The whisky-loving world owes a huge debt (and more than a few sore heads, no doubt) to John Dewar. Unremarkable though it may now sound, he was the first spirit merchant to recognise the potential in selling whisky by the bottle to the general public. Until that pivotal moment in alcohol marketing, the sale of whisky had been limited to wooden casks, bought by hotels, pubs and other licensed premises.
And so it was that the Scottish "carry-oot" was born. By such simple, but effective means, John Dewar and his brother Tommy transformed their father's local whisky supply business in Perth into one of the giants of the world spirit trade.
The brothers made a formidable team, were confident in their combined abilities and certainly weren't afraid to noise up the industry to get themselves noticed. Never was this better, or more noisily, demonstrated than at the 1885 Brewer's Show in London when Tommy gained sensational publicity for the firm by playing the bagpipes, much to the disapproval and earache of the Show's organisers.
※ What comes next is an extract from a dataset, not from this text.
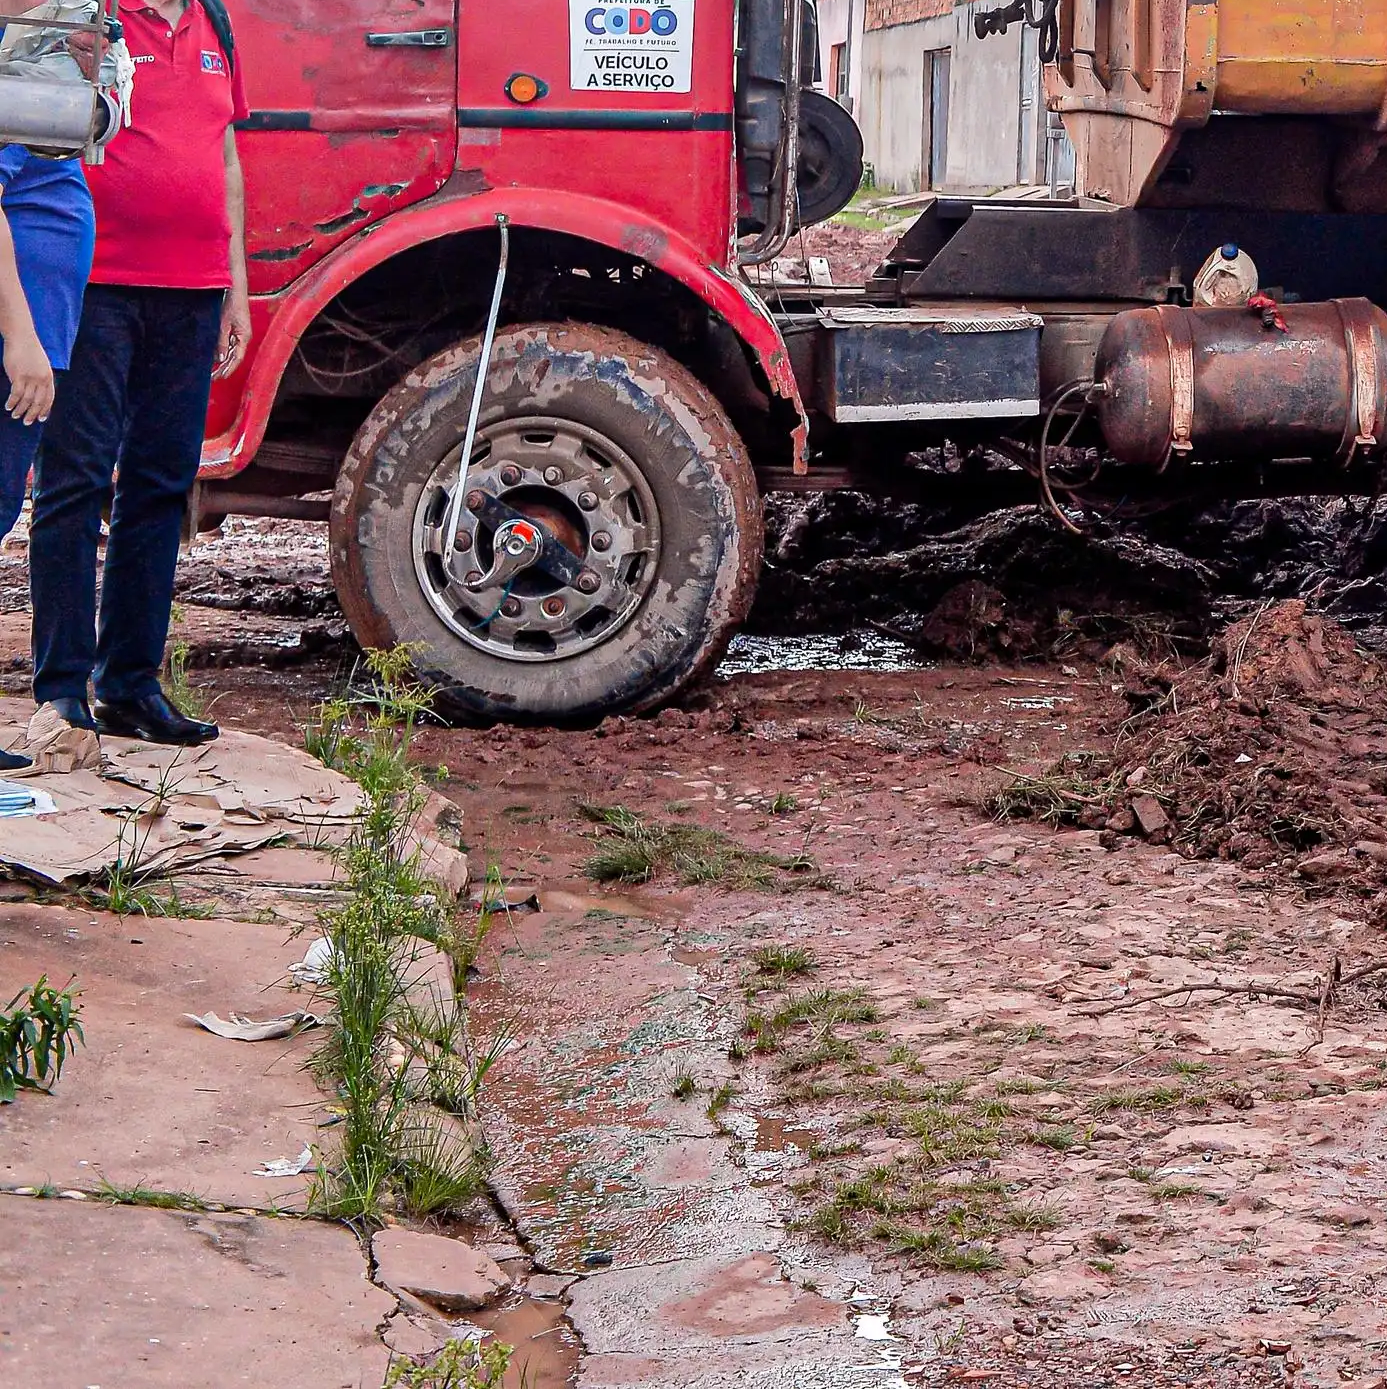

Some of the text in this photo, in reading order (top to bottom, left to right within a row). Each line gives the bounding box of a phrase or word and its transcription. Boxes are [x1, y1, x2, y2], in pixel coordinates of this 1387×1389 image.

[584, 4, 678, 36] CODÓ
[594, 52, 669, 70] VEÍCULO
[586, 73, 674, 91] A SERVIÇO
John was made Lord Provost of Perth and served as Liberal MP for Inverness-shire from 1900 to 1916. As Lord Forteviot he became the first of the "Whisky Lords" and his brother Tommy, not to be outdone, also became a Peer, as Lord Dewar.
Their company was instrumental in finding new markets for Scotch whisky outside of Scotland and helped to build the international image and universal acceptance that Scotch now enjoys. They merged with rival firm Buchanan in 1915 and joined the giant conglomerate Distillers Company Ltd in 1925.
Dewar's (or Doo-ers, as our American cousins prefer to call it) White Label is now the best selling whisky in the USA.